Raptors Dance Pak Brings it to Montreal
By Victor Swoboda
Montreal Gazette
It’s the fourth quarter, the score’s tied, and twenty thousand fans at the Air Canada Centre are screaming for the Toronto Raptors to pull out a win — time for Ashley and Nina to go to work. The two are among 14 young women of the Toronto Raptors Dance Pak, the NBA’s sole cheerleading team in Canada.
“You’re entire 360 degrees is your audience — you have four fronts basically — so just getting oriented and having the fans cheering so loudly when the game’s so exciting and having that energy — it’s just a different experience,” smiled dark-haired Ashley, 22, during an interview Thursday in Montreal. Ashley, a fourth-year Dance Pak member, Nina and two other Dance Pak members will be performing Friday night at the Bell Centre when the Raptors meet the New York Knicks in the city’s first NBA exhibition match.
“We have to keep the fans going and hyped up. If we’re losing, it’s our chance to keep people pumped,” said Nina, a 20-year-old blond who is in her second season with the Dance Pak.
Both young women, who eventually hope to perform in dance videos or music concerts, had a varied dance background of tap, jazz and ballet when they more or less casually went to the Dance Pak annual audition, an event that this year attracted some 200 hopefuls.
“My friend Sophia and I went, honestly, just for fun to see if we could make it, and, if not, just have fun and take a free class,” Ashley said. “And we both made it.”
Candidates were weeded until 20 were called back for interviews with choreographer/manager Amberley Waddell, a former Dance Pak member from Waterloo, Ont., who once danced in Los Angeles and Las Vegas in shows with Bette Midler and Beyoncé.

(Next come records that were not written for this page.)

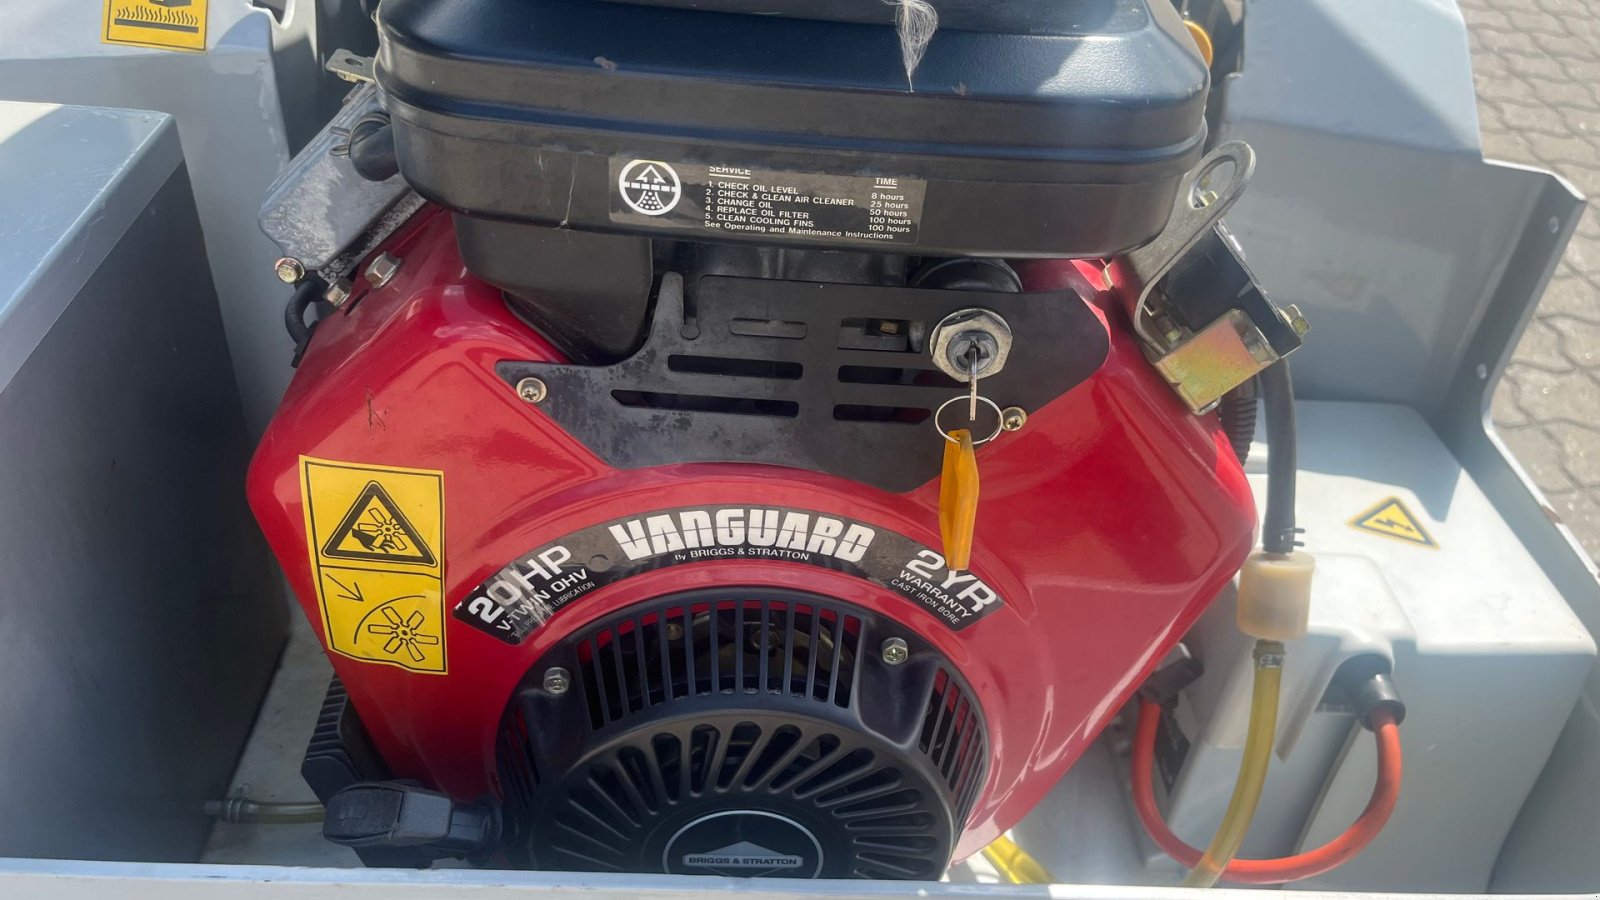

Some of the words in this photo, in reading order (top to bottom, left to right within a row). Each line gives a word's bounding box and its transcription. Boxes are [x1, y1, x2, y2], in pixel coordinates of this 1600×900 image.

[709, 166, 751, 175] SERVICE
[718, 181, 749, 191] CHECK
[752, 184, 767, 192] OIL
[771, 186, 799, 195] LEVEL
[875, 177, 898, 186] TIME
[706, 188, 714, 196] 2.
[717, 190, 749, 199] CHECK
[752, 192, 758, 200] &
[761, 193, 791, 202] CLEAN
[812, 197, 854, 206] CLEANER
[717, 198, 755, 208] CHANGE
[758, 201, 773, 209] OIL
[880, 193, 904, 201] hours
[870, 200, 882, 208] 25
[884, 201, 909, 209] hours
[717, 206, 758, 216] REPLACE
[761, 209, 776, 217] OIL
[779, 211, 810, 219] FILTER
[869, 208, 881, 216] 50
[883, 209, 908, 217] hours
[705, 212, 713, 220] 5.
[717, 213, 746, 222] CLEAN
[750, 216, 790, 226] COOLING
[794, 219, 814, 228] FINS
[888, 217, 912, 225] hours
[704, 220, 721, 228] See
[724, 222, 766, 233] Operating
[788, 227, 842, 237] Maintenance
[845, 230, 894, 240] Instructions
[869, 224, 884, 232] 100
[887, 225, 911, 233] hours
[608, 508, 876, 562] VANGUARD
[690, 548, 735, 559] BRIGGS
[748, 548, 810, 561] STRATTON
[468, 545, 572, 624] 20HP
[906, 549, 997, 613] 2YR
[496, 590, 551, 631] V-TWIN
[550, 568, 588, 592] OHV
[553, 581, 595, 607] LUBRICATION
[900, 570, 972, 618] WARRANTY
[891, 579, 917, 594] CAST
[916, 591, 938, 608] IRON
[937, 606, 960, 625] BORE
[688, 857, 730, 865] BRIGGS

During the season, the Dance Pak holds two-and-a-half-hour practices three times a week. Dancers learn between 20 and 30 routines a season. Ashley compared their non-stop routines to sprinting for two minutes, all the while having to smile. Dance Pak members arrive three-and-a-half hours before a game for rehearsals that might involve changes of formation or even last-minute changes in choreography.

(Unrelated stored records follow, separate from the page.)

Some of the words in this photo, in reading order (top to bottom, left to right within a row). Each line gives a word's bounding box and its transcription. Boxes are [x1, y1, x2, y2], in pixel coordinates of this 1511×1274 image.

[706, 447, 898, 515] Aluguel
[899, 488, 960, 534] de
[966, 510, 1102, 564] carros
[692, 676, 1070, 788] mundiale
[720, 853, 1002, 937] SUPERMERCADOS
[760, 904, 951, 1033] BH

“It keeps your brain working,” Ashley noted.
Not that their brains are otherwise idle. Like several other Dance Pak members, Ashley and Nina juggle their Raptors job with university studies. Nina is in York University’s dance program. Ashley studies at the University of Toronto.

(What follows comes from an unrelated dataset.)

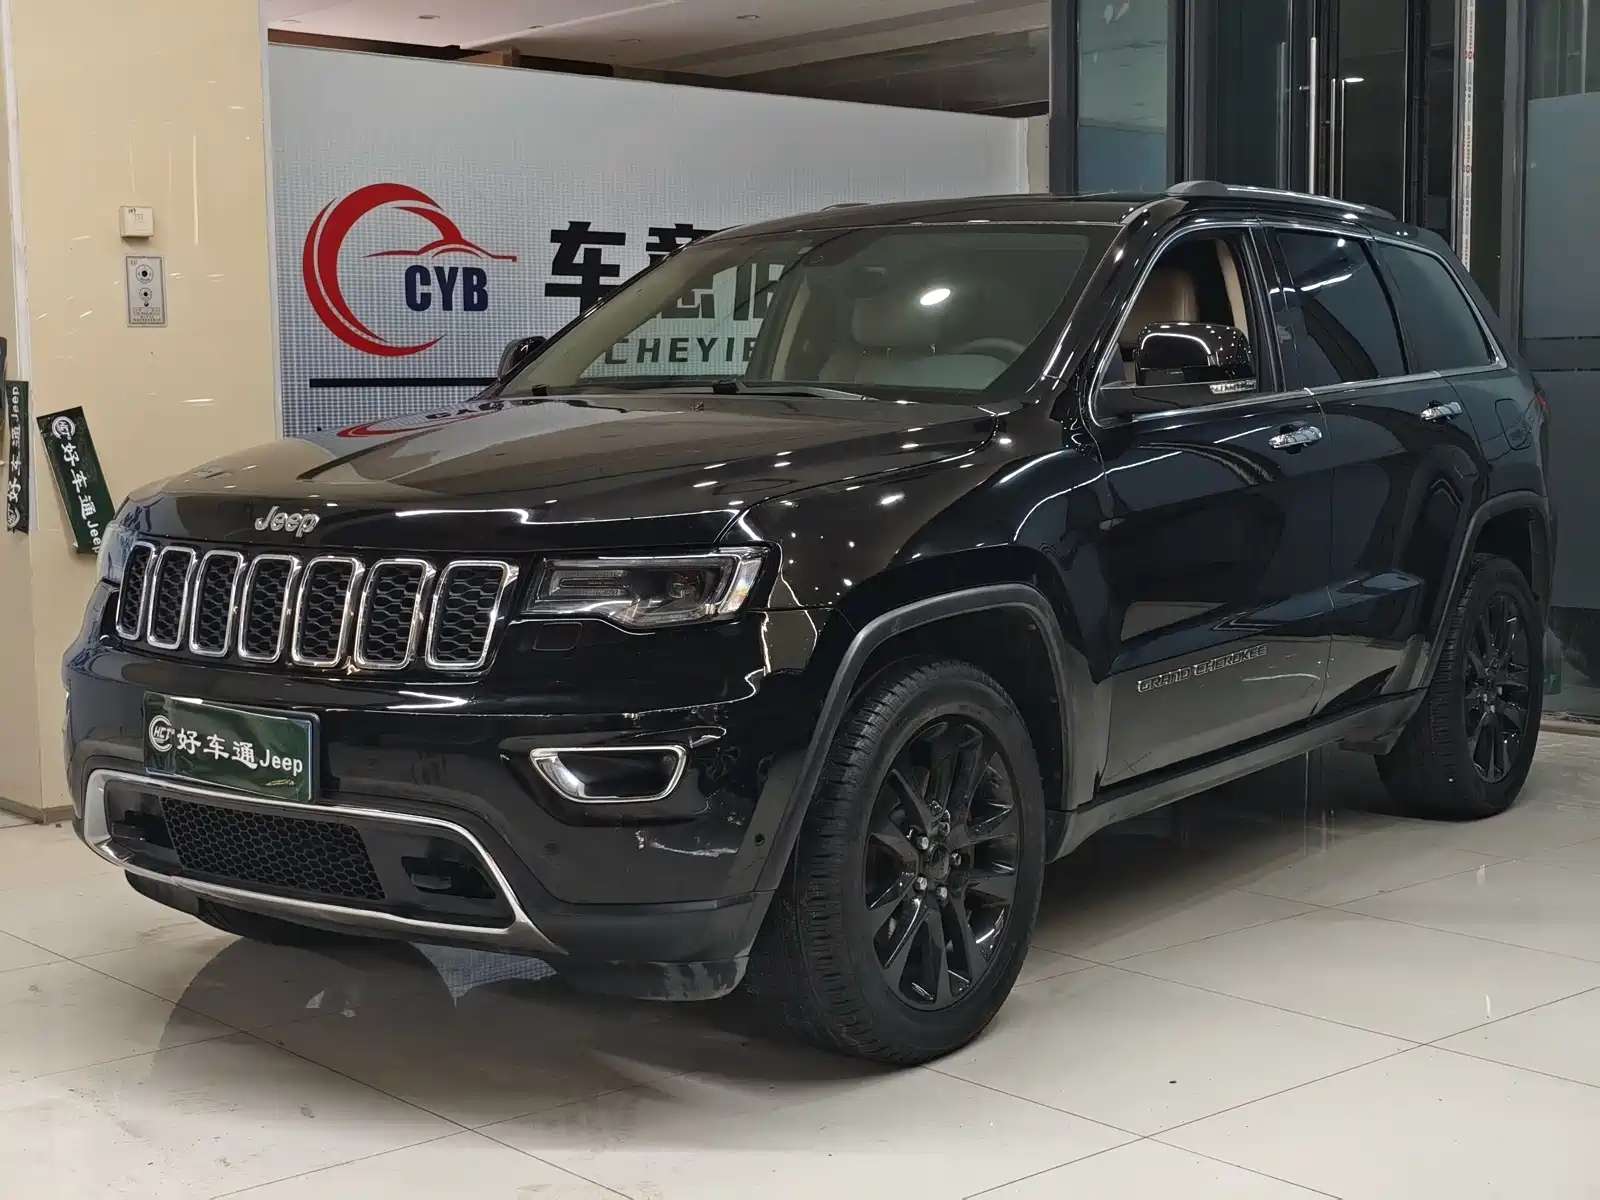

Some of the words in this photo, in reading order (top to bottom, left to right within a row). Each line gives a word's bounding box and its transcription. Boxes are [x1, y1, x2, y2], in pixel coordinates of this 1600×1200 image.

[404, 264, 488, 312] CYB
[254, 505, 320, 537] Jeep
[1137, 666, 1191, 693] GRAND
[1193, 643, 1267, 676] CHEROKEE

“People always ask how can you do full-time school as well as dance for the Raptors, but I wouldn’t be able to do school without doing dance,” Ashley said. “Dance takes my stress away from school, and then the physical stress of dance is taken away when I’m studying.”
There are moments, though, when the juggling act can get stressful.
“During midterms is exactly when the NBA season starts picking up with lots of games. We start getting more sick or getting colds because of the physical stress on our body. Last year, I noticed my ankle was giving out and I couldn’t figure it out. But I realized it was because of the demands from the job and school.”
Ashley’s friend, Sophia, danced with Dance Pak for two years, but left after she was accepted to medical school.
As NBA representatives, Dance Pak has travelled across Canada and to some exotic places, too, like Cancun, Mexico in September, and last August to Shanghai, China, where NBA star Kobe Bryant participated in a charity celebrity game.
“The fans in China are just the next level,” Nina said. “I came off teary-eyed. I’ve never danced at something that big.”